Im zweiten Abschnitt hatte es dann die SG in der Hand, endlich einmal gegen die landeseigene Konkurrenz zu gewinnen. Als Flensburg in der 50. Minute durch Christian Berge das 18:16 erzielte, schien die Partie gelaufen – zumal der formschwache Staffan Olsson eine Zeitstrafe absitzen musste. Doch fortan gelang den Flensburgern bis zum 19:19 in der 59. Minute kein Treffer mehr. Nur mit viel Dusel rettete Jan Fegter in der Schlusssekunde die SG mit dem 20:20 in die Verlängerung.

In den folgenden 10 Minuten spielte dann der THW seine ganze Routine aus: Als Nenad Perunicic mit seinem ersten Tor 35 Sekunden vor Ende der Verlängerung das 26:24 für Kiel erzielte, war die Partie endgültig gelaufen. Bei dem THW ragten vor allem Nikolaj Jacobsen (13/6) und der souveräne Keeper Steinar Ege heraus, während bei Flensburg vor allem Torwart Jan Holpert und am ehesten noch Thomas Knorr(6) überzeugten.

Die SG-Spieler indes flüchteten sich nach dem Ende der Partie in Zweckopitimismus: „Wenn wir so kämpfen, dann kommen wir in Zukunft trotzdem noch weit“, verlautbarte der SG-Kapitän Matthias Hahn. Derweil präsentierte sich der ansonsten eher griesgrämige THW-Trainer gestern von seiner humorvollen Seite: „Nach so einer nervenaufreibenden Partie freue ich mich auf meine Knieoperation“, scherzte der Trainer, dem eigenen Angaben zufolge Kreuz- und Außenbänder plus Meniskus im linken Knie fehlen.
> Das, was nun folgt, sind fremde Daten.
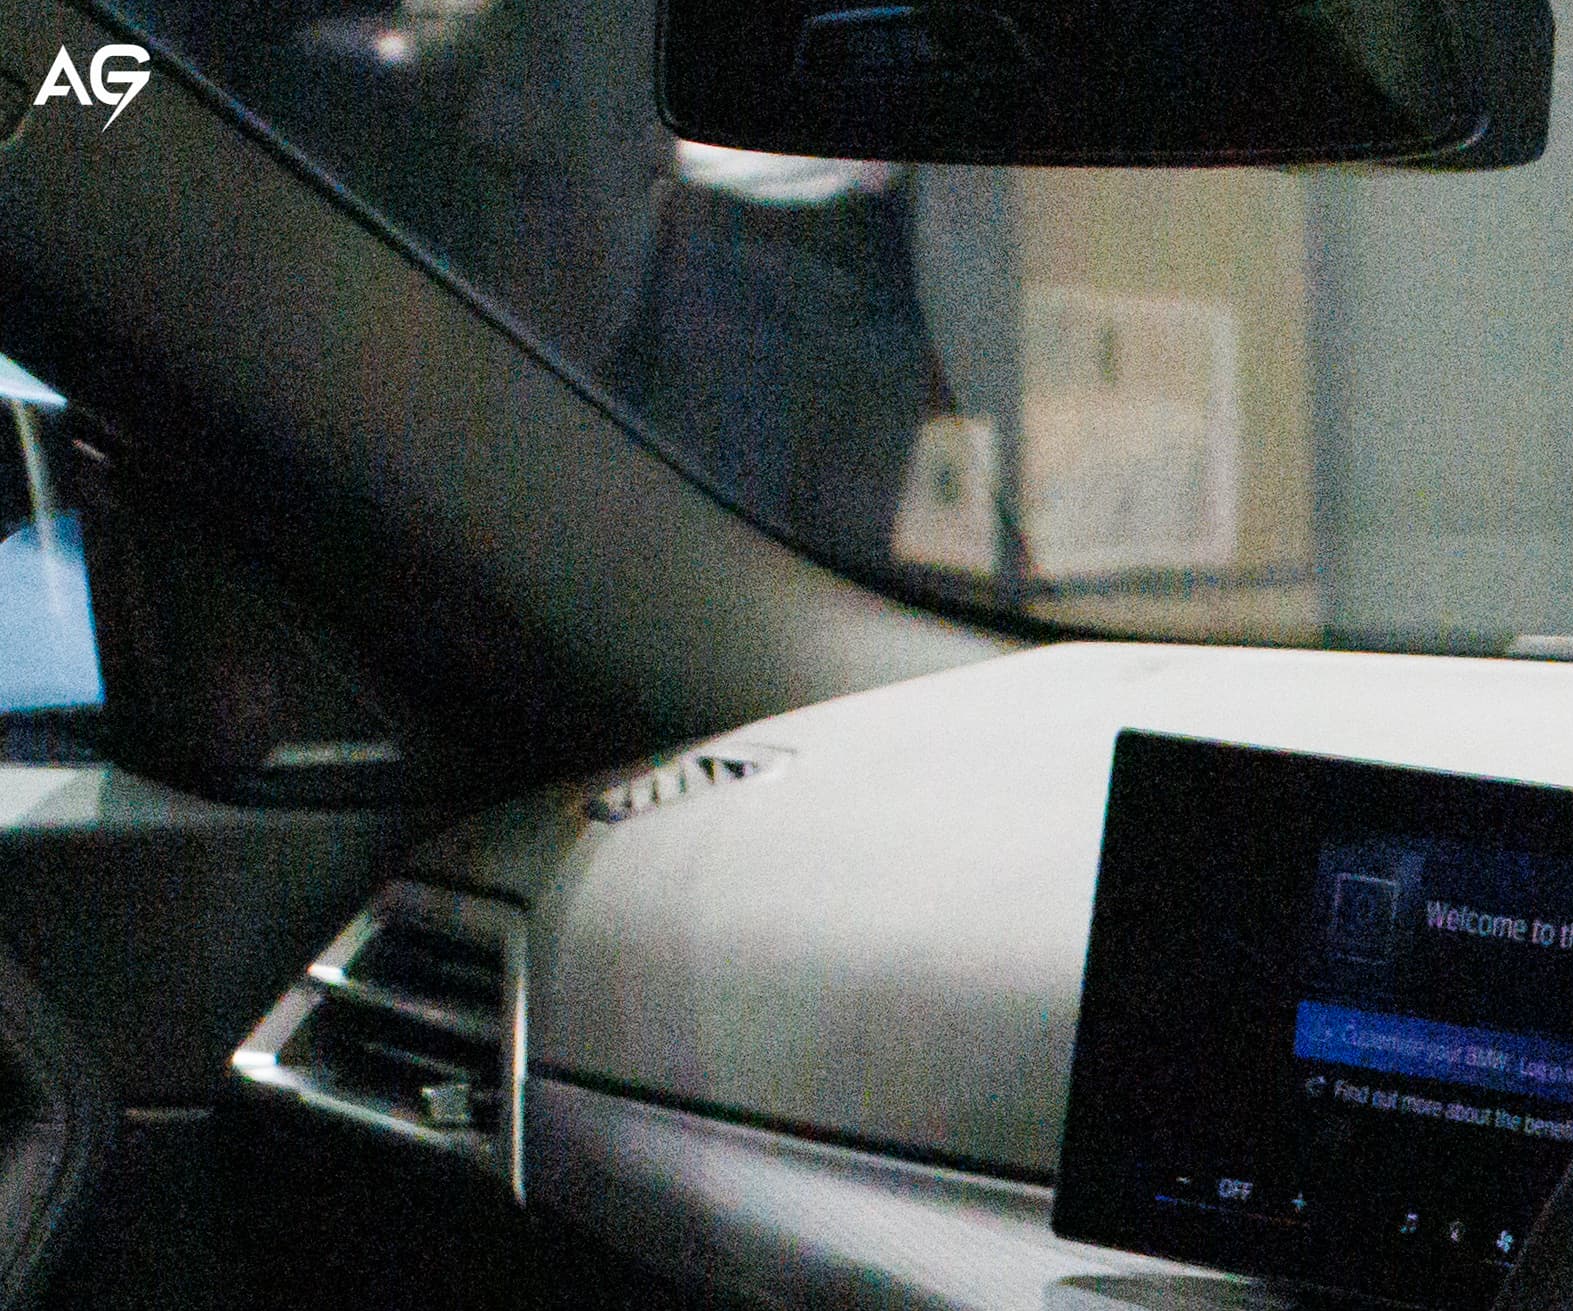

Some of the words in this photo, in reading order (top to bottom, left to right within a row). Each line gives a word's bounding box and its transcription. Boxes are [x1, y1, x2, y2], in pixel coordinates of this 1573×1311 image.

Der DHB-Ligaausschussvorsitzende Heinz Jacobsen grinste nach Turnierende wie ein Honigkuchenpferd auf Drogen – nicht ohne Grund, immerhin war die Alsterdorfer Sporthalle an dem Finalwochenende restlos ausverkauft und auch in den Seminalfinals am Sonnabend wurde dem passionierten Handball-Anhang erquicklicher Sport geboten.

So schaffte der THW Kiel den Finaleinzug nur mit Ach und Krach nach einem 28:27 (24:24, 13:9) nach Verlängerung gegen die SG W/M Frankfurt. Zuvor taten sich die Flensburger bei dem 27:20 (11:11) gegen GWD Minden schwer. „Das war wirklich toller Sport“, meinte Jacobsen.

Bei soviel Jubel, mühte sich auch SG-Coach Rasmussen redlich, mit in den Freudenchor einzustimmen: „Hauptsache wir haben toll gekämpft“, beschied er knapp und schlich von dannen. An der dänischen Grenze indes wird man sich mit derlei „Erfolgen“ nicht mehr lange begnügen.